The notes contain this entry:

“Enter Snake Valley. Land level and gravelly.Timber straight and scattered without undergrowth. At a point about five chains north of the northwest shore of Tradition Lake, area about 12 acres, the ground in this vicinity is almost entirely covered with various species of snakes. They were also knotted in heaps upon the fallen timber and hung dangling from the lower limbs of small trees. Many were observed devouring or disgorging other snakes of lesser size. Those necessarily crushed beneath our feet filled the air with nauseous stench.”

The enormous snake population was probably due to natural conditions which then existed along the swampy shores of that secluded mountain lake.

Oldtimers in Squak Valley, where the lake is located, remember when its shores were boggy and covered with sphagnum moss, Labrador tea and other plants which cluster around peat bogs and swamps, an ideal breeding ground for frogs, salamanders and other amphibious creatures, snakes might feed on.

There is nothing that snakes relish more than young frogs and Andrew Wold, who is an outstanding pioneer of the Squak Valley, remembers sporadic migrations of armies of those creatures in early days. According to Wold they traveled in such fantastic numbers that roads and trails became almost impassable at times.

Robert Fraser, who lives one mile northeast of the lake, formally owned 130 acres bordering Tradition Lake and built his home on its east shore.

He recalls that snakes were plentiful around the lake some years ago and that one species grew to a large size.

Mrs. Fraser is more emphatic,”there were so many of them around the house in the summer,” she declares, “that I’d have to go out and sweep them off the porch with a broom.

The presence of king-sized snakes around Tradition Lake in early days is confirmed by an elderly resident of Issaquah who used to fish the lake in his boyhood days.

“If we landed a smell fish on the shore”, he declared, “we’d have to get hold of it pretty quick or a big snake would have it.”

Richard C. Snyder, professor of zoology at the University of Washington and an expert on snakes, expressed no doubt that there could have been an infestation of reptiles such as surveyor Richardson described.

“They probably would have been our common garter snakes and possibly some of the small greenish-brown species called ‘rubber Boa'”, he explained. “Tropical boas are very large, but the one that lives in Western Washington is smaller than the garter snake and very timid.”

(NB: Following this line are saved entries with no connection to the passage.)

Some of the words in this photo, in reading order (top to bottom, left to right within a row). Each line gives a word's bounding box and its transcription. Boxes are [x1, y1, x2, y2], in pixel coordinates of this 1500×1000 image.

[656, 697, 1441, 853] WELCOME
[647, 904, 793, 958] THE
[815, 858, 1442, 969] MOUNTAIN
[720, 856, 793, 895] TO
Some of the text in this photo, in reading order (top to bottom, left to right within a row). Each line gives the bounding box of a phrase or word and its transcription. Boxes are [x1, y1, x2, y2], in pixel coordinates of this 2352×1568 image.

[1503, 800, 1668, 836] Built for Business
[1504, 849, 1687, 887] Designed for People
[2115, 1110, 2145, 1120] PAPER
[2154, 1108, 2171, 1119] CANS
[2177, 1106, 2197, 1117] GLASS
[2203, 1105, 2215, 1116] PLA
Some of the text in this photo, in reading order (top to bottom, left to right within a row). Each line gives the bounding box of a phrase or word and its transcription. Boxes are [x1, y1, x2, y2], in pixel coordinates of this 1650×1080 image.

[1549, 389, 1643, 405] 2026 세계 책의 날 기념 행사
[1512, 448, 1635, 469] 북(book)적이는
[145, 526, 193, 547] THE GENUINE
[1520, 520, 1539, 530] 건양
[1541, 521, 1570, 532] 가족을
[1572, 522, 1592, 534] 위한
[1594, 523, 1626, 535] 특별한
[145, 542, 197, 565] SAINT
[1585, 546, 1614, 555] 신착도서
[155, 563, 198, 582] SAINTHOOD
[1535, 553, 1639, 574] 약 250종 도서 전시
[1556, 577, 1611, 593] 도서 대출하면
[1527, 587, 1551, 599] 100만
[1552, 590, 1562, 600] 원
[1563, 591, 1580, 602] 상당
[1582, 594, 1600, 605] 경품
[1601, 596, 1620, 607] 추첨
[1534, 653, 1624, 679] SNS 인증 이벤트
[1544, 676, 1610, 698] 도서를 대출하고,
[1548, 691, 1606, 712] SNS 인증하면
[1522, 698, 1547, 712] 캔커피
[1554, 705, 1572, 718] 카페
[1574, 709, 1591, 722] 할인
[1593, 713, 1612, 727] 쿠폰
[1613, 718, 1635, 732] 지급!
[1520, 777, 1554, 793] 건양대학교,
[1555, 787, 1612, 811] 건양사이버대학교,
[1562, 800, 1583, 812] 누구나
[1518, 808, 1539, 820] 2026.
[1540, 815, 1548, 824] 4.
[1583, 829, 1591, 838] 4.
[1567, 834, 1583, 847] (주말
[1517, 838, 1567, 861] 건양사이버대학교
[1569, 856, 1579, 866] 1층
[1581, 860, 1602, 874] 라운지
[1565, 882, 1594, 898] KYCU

Snyder is some what skeptical about the “swallowing” mentioned in the survey notes. He agreed however, that there could have been garter snakes around Tradition lake of a species which grows to four or five feet in length, still found in marshy areas west of the Cascades.

Tradition Lake nestles in a glacier-created basin on a hillside bench, a mile and one half east of Issaquah and a half mile south of U.S. Highway 10.

It’s fed by several small streams which drain the hillside to the south, but has no stream outlet. Its waters seep out slowly through the underlying glacial formations, creating springs to the westward from which Issaquah draws its water supply.

There is reason to believe that the lack of a stream outlet, combined with increased flow from springs and year-round streams has enlarged the lake considerably during past years, and changed its nature.

A quarter section corner, which the original surveyors established at five chains or 330 feet from the shore, is now not more than fifty feet from the waters edge. Also the lake is much larger than the 12 acre estimate made by Richardson in 1864.

Ninety years ago (106 years ago, now) there had been no logging and subsequent slash burning to upset natural conditions around the lake. There were no settlers near by and neither road nor trail led to that swampy isolated spot.

Tradition Lake is seldom visited today. The signs of human activity are the power lines along its northern border and the landscaping of the east shore where Robert Fraser built artistic rock monuments, lined curving roadsides with smooth granite boulders and planted flower beds when the lake bordered his home.

The reason for naming the lake”Tradition” remains obscure, but Richardson’s reason for naming its basin “Snake Valley” is clearly established in permanent government records.